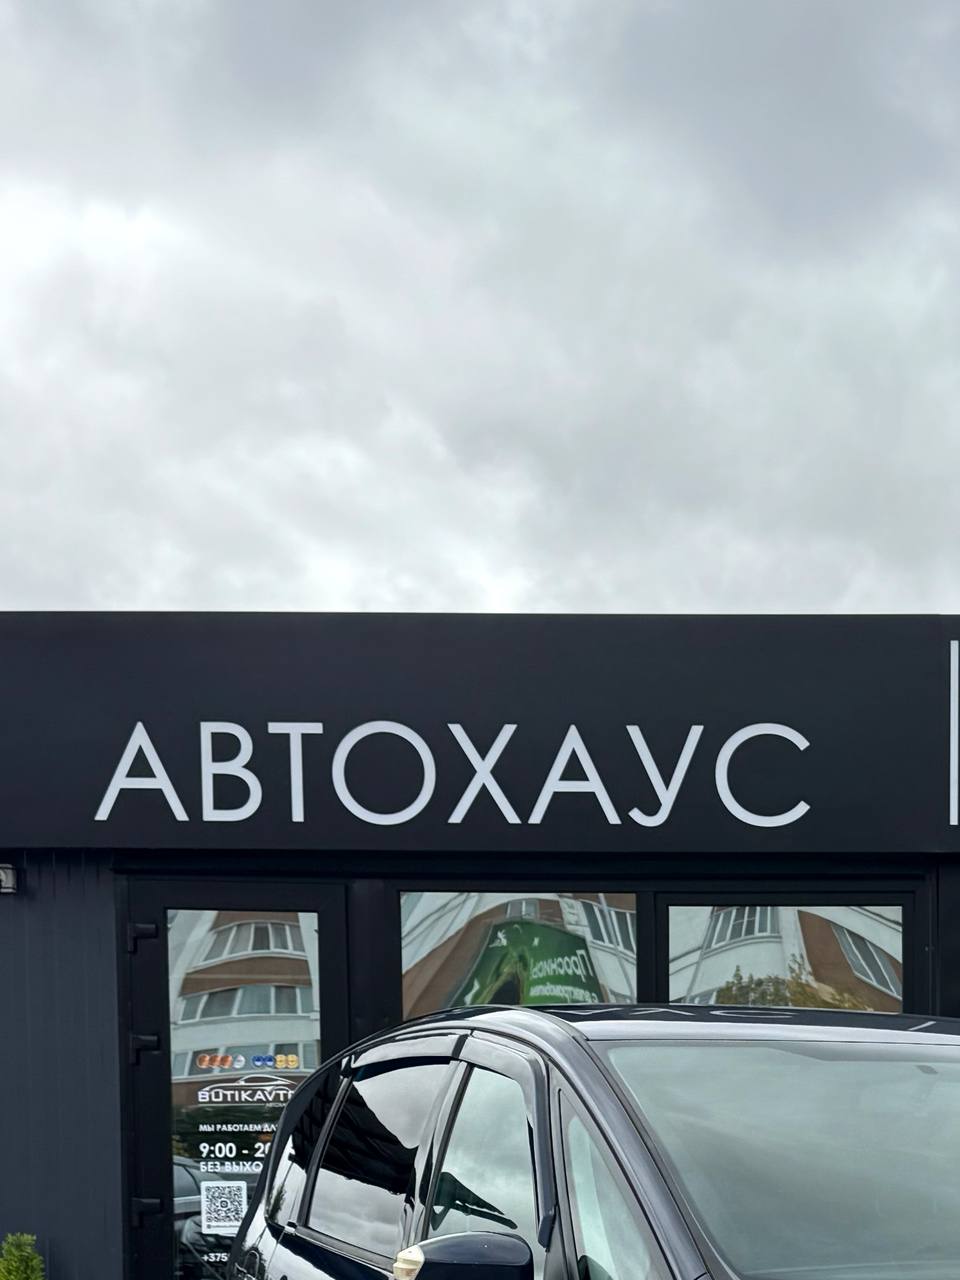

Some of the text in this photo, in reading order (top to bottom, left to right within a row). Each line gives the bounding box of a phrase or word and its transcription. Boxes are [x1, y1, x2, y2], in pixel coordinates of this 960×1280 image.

[94, 720, 811, 828] АВТОХАУС
[198, 1090, 294, 1102] BUTIKAVT
[199, 1123, 278, 1132] МЫ РАБОТАЕМ ДЛ
[199, 1142, 236, 1158] 9:00
[199, 1161, 221, 1173] БЕЗ
[202, 1253, 231, 1262] +375

§ **ABOUT THIS EXERCISE**
Pictures are to be left out when the entries above are repeated exactly.

§ **TASK SOLUTION**
Some of the text in this photo, in reading order (top to bottom, left to right within a row). Each line gives the bounding box of a phrase or word and its transcription. Boxes are [x1, y1, x2, y2], in pixel coordinates of this 960×1280 image.

[94, 720, 811, 828] АВТОХАУС
[198, 1090, 294, 1102] BUTIKAVT
[199, 1123, 278, 1132] МЫ РАБОТАЕМ ДЛ
[199, 1142, 236, 1158] 9:00
[199, 1161, 221, 1173] БЕЗ
[202, 1253, 231, 1262] +375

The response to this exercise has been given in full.